In het vorige stukje introduceerde ik het Alhambra. Nu maak ik even een uitstapje. Om het middeleeuwse Moorse paleis te begrijpen, moet de lezer namelijk eerst iets weten over de toenmalige woningen op het Iberisch Schiereiland. In dit stuk besteed ik ook aandacht aan de verschillende soorten versieringen die in het Alhambra zijn toegepast.
De Moorse woning in de Middeleeuwen
Het Alhambra telt diverse paleizen, waarvan er drie met kop en schouders boven de rest uitsteken: het Mexuar, het Comares en het Leeuwenpaleis. Daarover morgen meer. Ze werden op verschillende momenten gebouwd en waren onderhevig aan diverse veranderingen door de tijd heen. Het geheel is te beschouwen als een uit de kluiten gewassen weerspiegeling van de Moorse woning.

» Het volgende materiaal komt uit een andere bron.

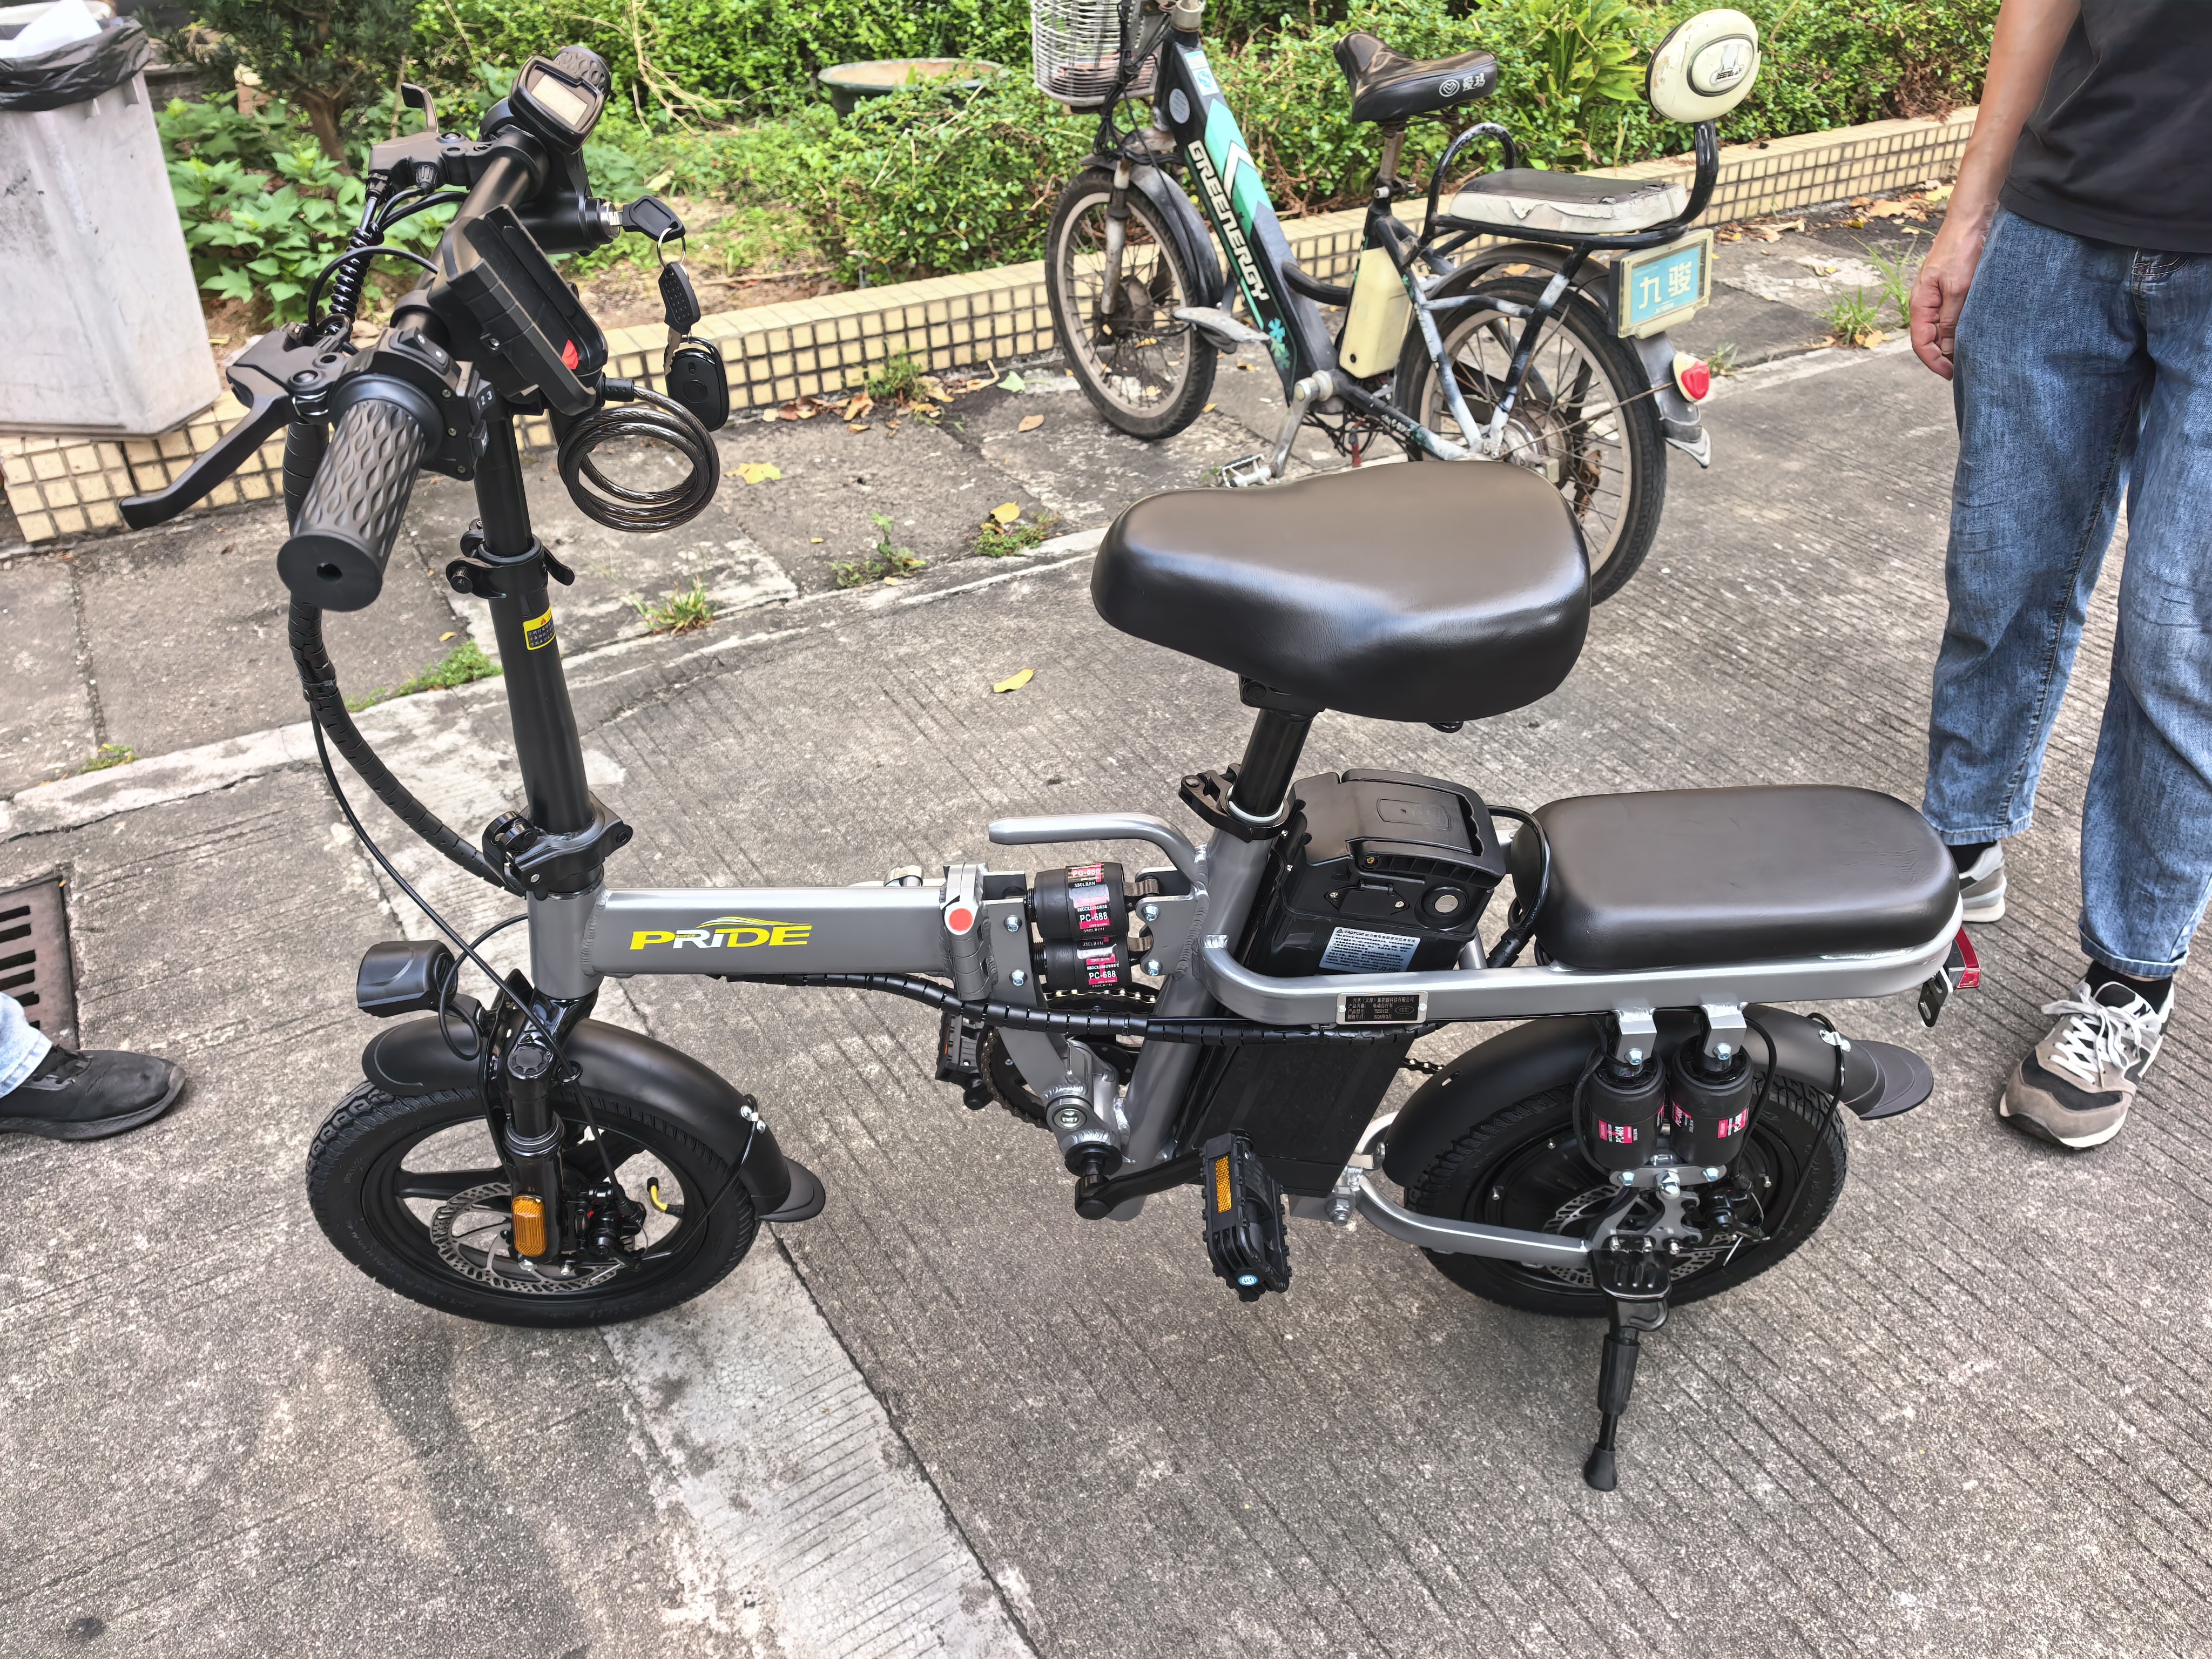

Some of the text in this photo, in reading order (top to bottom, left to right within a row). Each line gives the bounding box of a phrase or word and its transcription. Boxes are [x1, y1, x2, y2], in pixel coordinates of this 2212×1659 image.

[1188, 139, 1270, 301] GREENERGY
[1639, 261, 1692, 309] 九骏
[487, 390, 493, 400] 3
[1080, 912, 1108, 923] PC-688
[630, 925, 812, 950] PRIDE
[1089, 970, 1116, 980] PC-688

Allereerst is er het sobere en bescheiden uiterlijk van de buitenzijde van de woning. De meeste huizen bezaten geen ramen of hooguit hoge, kleine vensters, opdat men niet naar binnen kon kijken. Toegegeven, het ene huis was groter dan het andere, maar er was geen sprake van opsmuk dat iets over de welgesteldheid van de familie zou kunnen zeggen. Op deze wijze bleef de gelijkheid tussen de gelovigen intact. Binnenin de woning was het een heel ander verhaal en kon men z’n boekje te buiten gaan met de aankleding.

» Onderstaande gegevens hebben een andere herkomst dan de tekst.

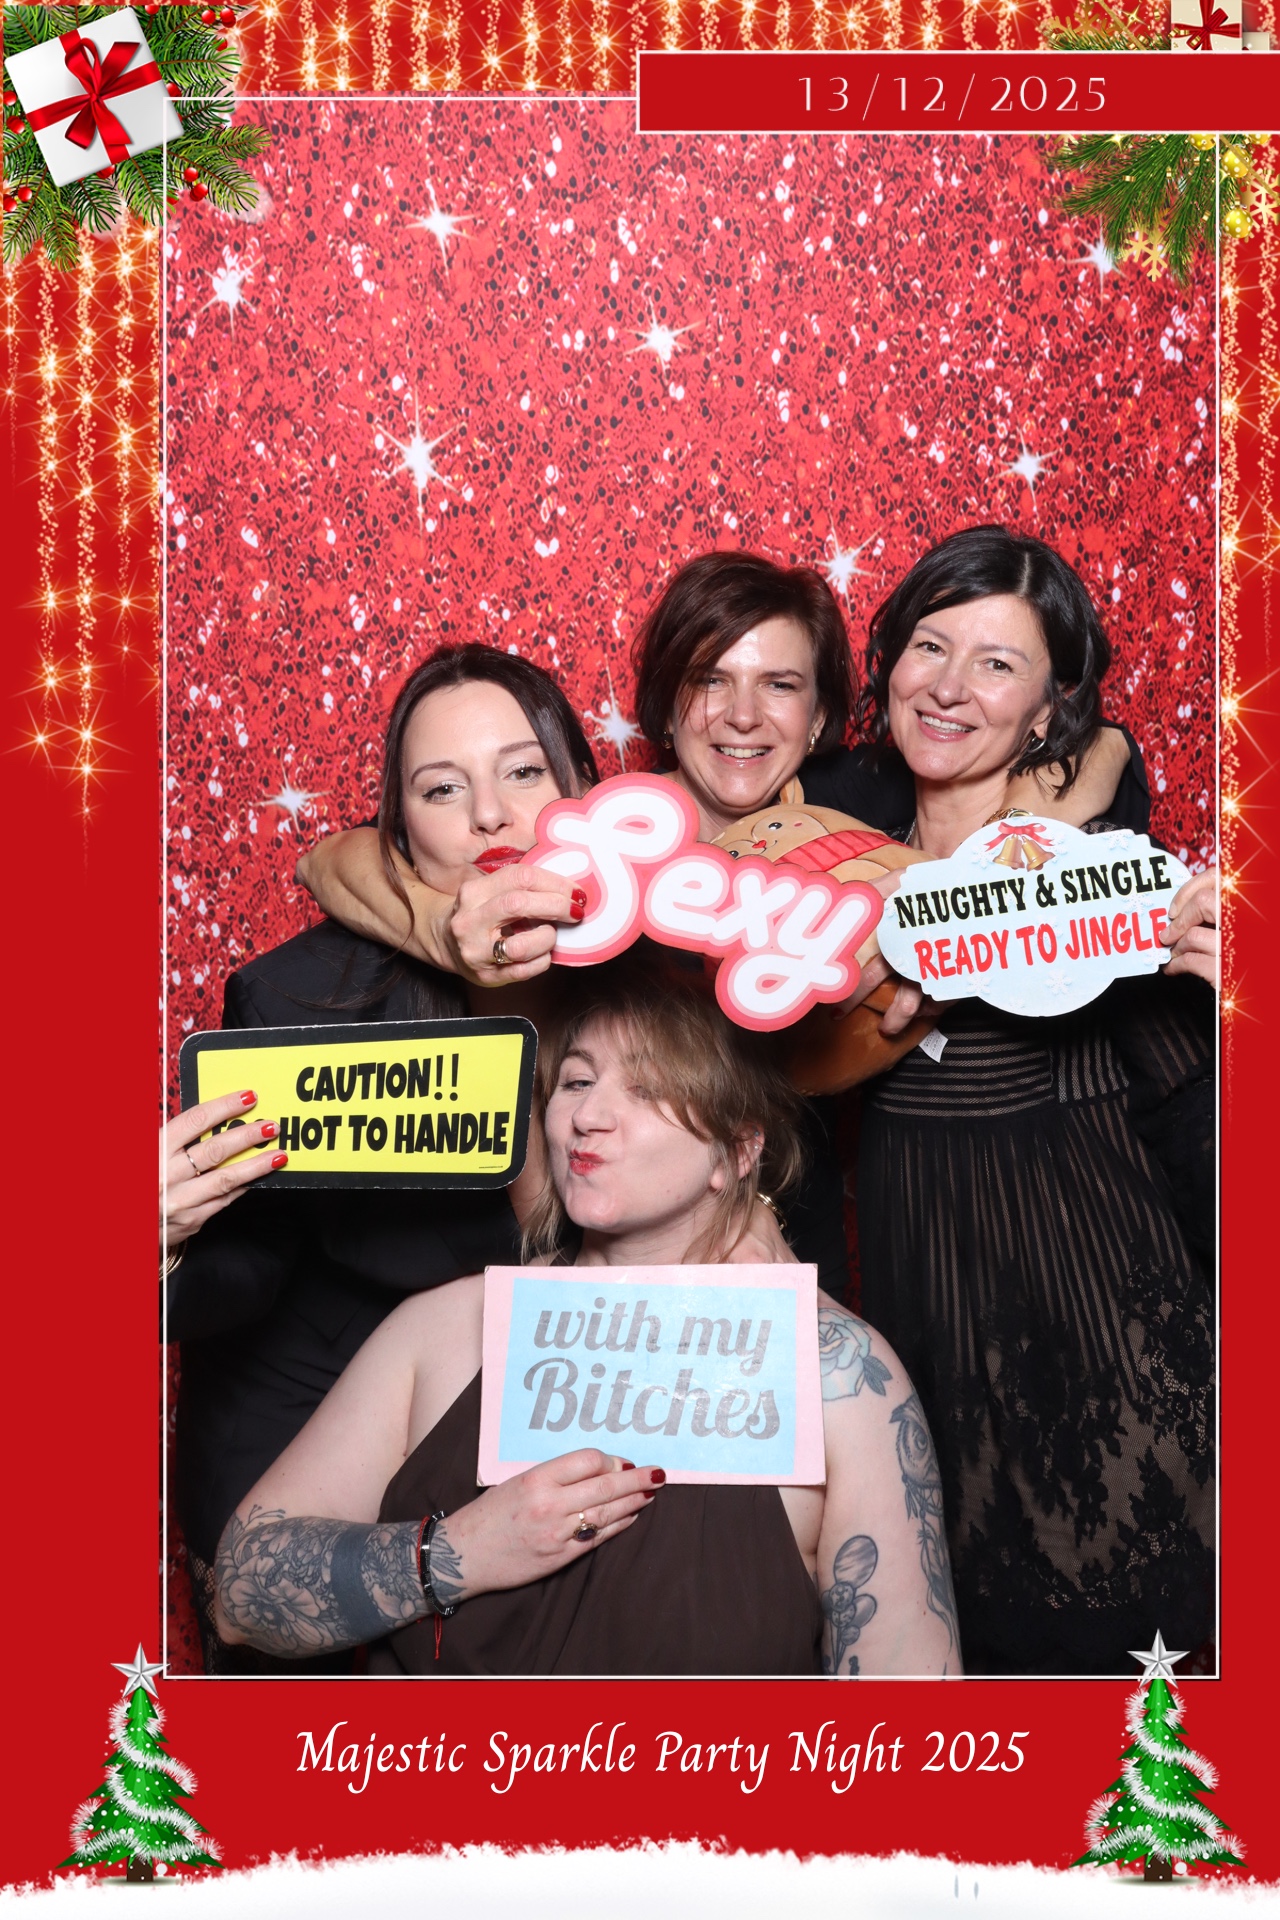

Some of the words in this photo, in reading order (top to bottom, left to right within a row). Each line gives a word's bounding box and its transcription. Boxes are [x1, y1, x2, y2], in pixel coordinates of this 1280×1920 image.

[540, 791, 866, 1014] Sexy
[894, 877, 1026, 929] NAUGHTY
[1035, 873, 1058, 908] &
[1060, 855, 1172, 904] SINGLE
[914, 929, 1009, 980] READY
[1016, 924, 1057, 966] TO
[1065, 908, 1168, 960] JINGLE
[296, 1053, 460, 1103] CAUTION!!
[278, 1115, 342, 1152] HOT
[349, 1115, 388, 1152] TO
[394, 1111, 510, 1155] HANDLE
[533, 1297, 661, 1354] with
[676, 1315, 773, 1377] my
[523, 1357, 781, 1440] Bitches

De drie paleizen van de Nasriden hadden verschillende ruimtes met elk een eigen functie. Ze werden zowel voor privé- als zakelijke activiteiten gebruikt. Daarentegen konden de ruimtes waar het privéleven zich afspeelde ook verschillende doelen dienen. Een kamer kon bijvoorbeeld zowel als woon- en als eetkamer worden gebruikt, maar ook als slaapkamer, afhankelijk van de tijd van de dag. De multifunctionaliteit van een ruimte was een gewoonte die mogelijk voortkwam uit het nomadische verleden waarbij men gewend was om slechts één tent tot de beschikking te hebben waar het leven zich afspeelde. Hierop aansluitend gebruikte men ook licht meubilair dat makkelijk ingepakt en meegenomen kon worden. Een gewoonte die bleef hangen ondanks het feit dat men zich blijvend had gehuisvest in Al-Andalus.

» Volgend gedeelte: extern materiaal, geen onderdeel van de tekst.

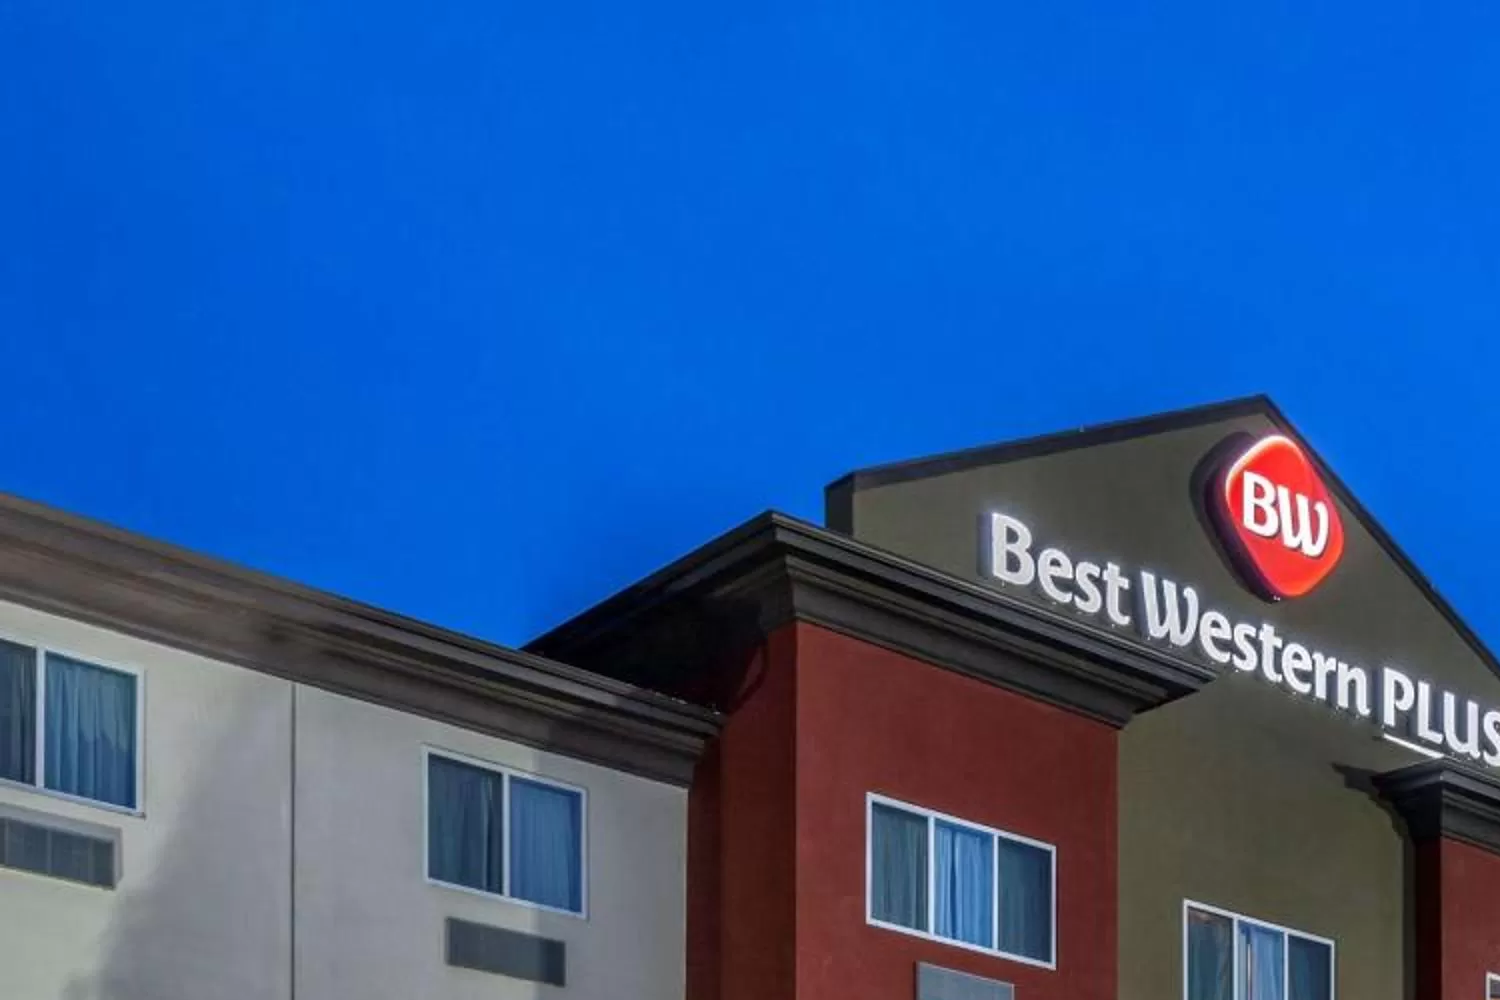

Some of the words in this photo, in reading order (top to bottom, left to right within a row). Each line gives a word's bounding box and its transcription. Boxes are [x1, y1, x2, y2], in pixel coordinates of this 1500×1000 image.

[1242, 471, 1329, 557] BW
[988, 512, 1130, 626] Best
[1140, 572, 1371, 717] Western

Bij het betreden van een Moorse woning werd het zicht op de woonruimte afgeschermd. Het familieleven speelde zich af op een open binnenplaats (onder andere vanwege het vele licht en de ventilatie mogelijkheden) waaromheen kamers waren gegroepeerd met één of twee portieken. Een ‘must have’ voor rijke families was een vijver en een weelderige tuin die een rustgevend effect hadden en refereerden naar het hemelse paradijs zoals in de Koran beschreven. Zie de foto helemaal bovenaan of hieronder.

Welgestelden hadden vaak twee binnenplaatsen, een voor de heer des huizes en zijn gasten en een voor de vrouwen en kinderen. Ook konden ze een extra verdieping veroorloven met vensters die uitkeken op de binnenplaats. Hier konden de vrouwen verblijven wanneer er mannelijk gezelschap werd ontvangen.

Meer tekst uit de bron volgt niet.